══ Data to process ══

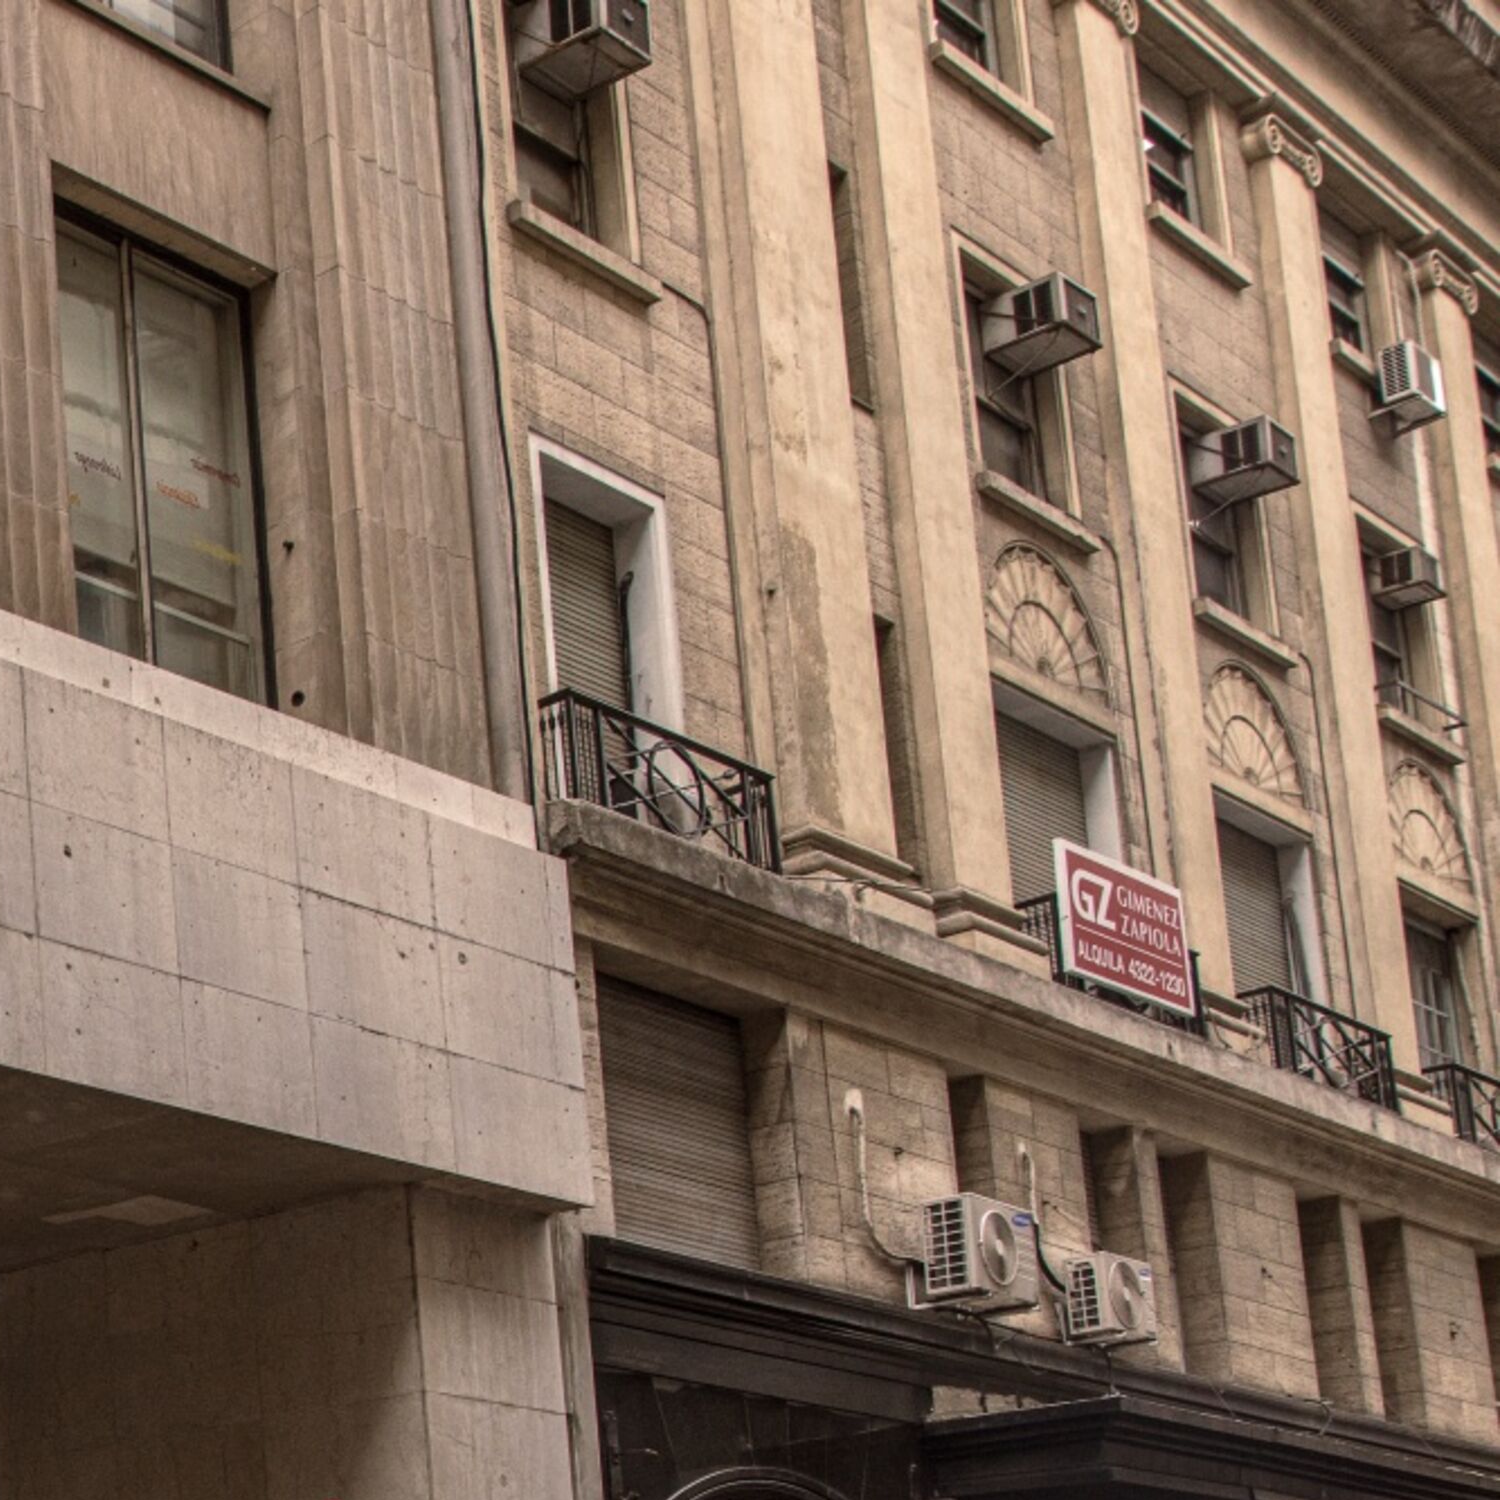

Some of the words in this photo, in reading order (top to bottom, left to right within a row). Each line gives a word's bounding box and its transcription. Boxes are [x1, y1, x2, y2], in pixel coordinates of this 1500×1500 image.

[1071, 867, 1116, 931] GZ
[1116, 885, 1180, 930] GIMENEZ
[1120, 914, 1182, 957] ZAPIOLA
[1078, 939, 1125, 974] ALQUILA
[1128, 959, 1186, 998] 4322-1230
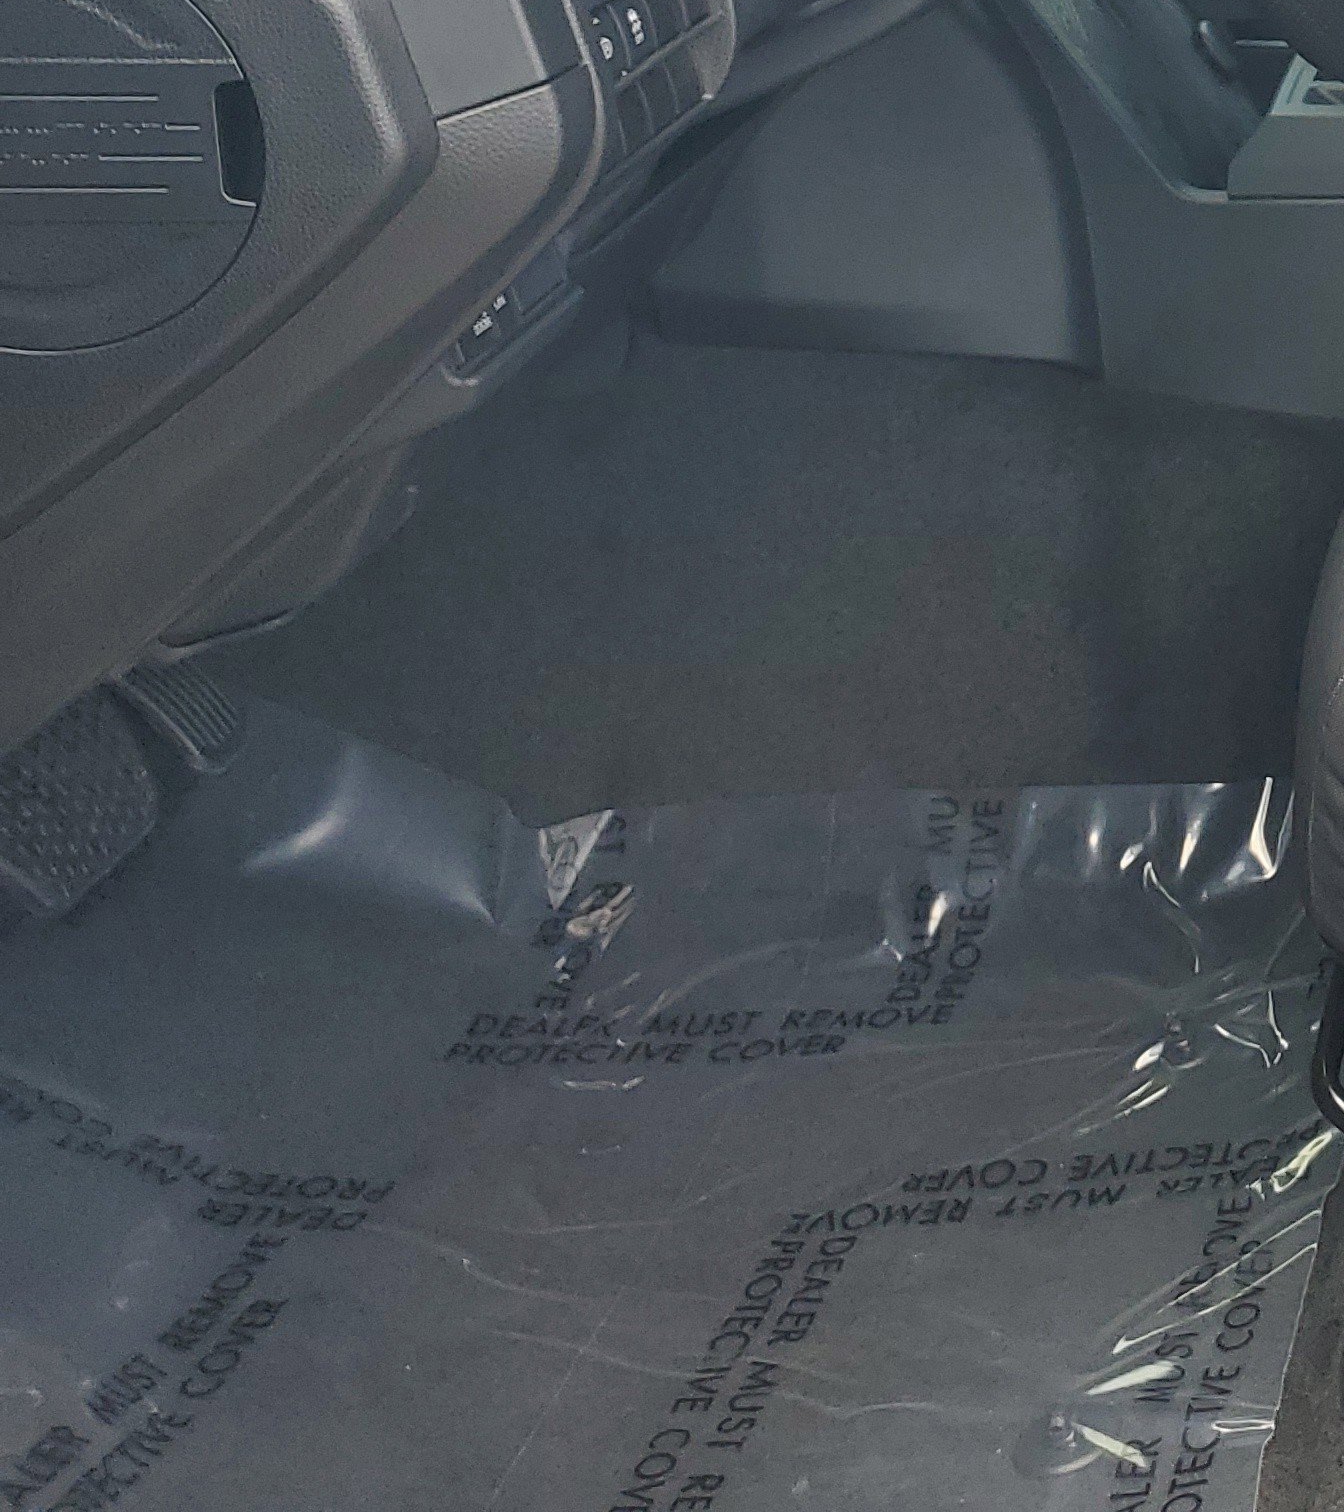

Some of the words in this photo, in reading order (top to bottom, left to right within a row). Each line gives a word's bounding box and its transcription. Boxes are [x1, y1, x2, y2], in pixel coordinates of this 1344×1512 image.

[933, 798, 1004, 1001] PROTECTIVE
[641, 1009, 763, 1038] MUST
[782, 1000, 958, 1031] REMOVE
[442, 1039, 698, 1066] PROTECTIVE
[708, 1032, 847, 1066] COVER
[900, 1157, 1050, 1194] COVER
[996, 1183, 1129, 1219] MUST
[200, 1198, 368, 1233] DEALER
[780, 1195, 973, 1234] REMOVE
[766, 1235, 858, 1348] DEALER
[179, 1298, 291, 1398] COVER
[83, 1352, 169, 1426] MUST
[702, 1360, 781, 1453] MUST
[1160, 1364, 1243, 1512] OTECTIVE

═══

What the exercise asks:
Without the pictures, restate each entry exactly.

Solution to this problem:
Some of the words in this photo, in reading order (top to bottom, left to right within a row). Each line gives a word's bounding box and its transcription. Boxes are [x1, y1, x2, y2], in pixel coordinates of this 1500×1500 image.

[1071, 867, 1116, 931] GZ
[1116, 885, 1180, 930] GIMENEZ
[1120, 914, 1182, 957] ZAPIOLA
[1078, 939, 1125, 974] ALQUILA
[1128, 959, 1186, 998] 4322-1230

Some of the words in this photo, in reading order (top to bottom, left to right within a row). Each line gives a word's bounding box and its transcription. Boxes are [x1, y1, x2, y2], in pixel coordinates of this 1344×1512 image.

[933, 798, 1004, 1001] PROTECTIVE
[641, 1009, 763, 1038] MUST
[782, 1000, 958, 1031] REMOVE
[442, 1039, 698, 1066] PROTECTIVE
[708, 1032, 847, 1066] COVER
[900, 1157, 1050, 1194] COVER
[996, 1183, 1129, 1219] MUST
[200, 1198, 368, 1233] DEALER
[780, 1195, 973, 1234] REMOVE
[766, 1235, 858, 1348] DEALER
[179, 1298, 291, 1398] COVER
[83, 1352, 169, 1426] MUST
[702, 1360, 781, 1453] MUST
[1160, 1364, 1243, 1512] OTECTIVE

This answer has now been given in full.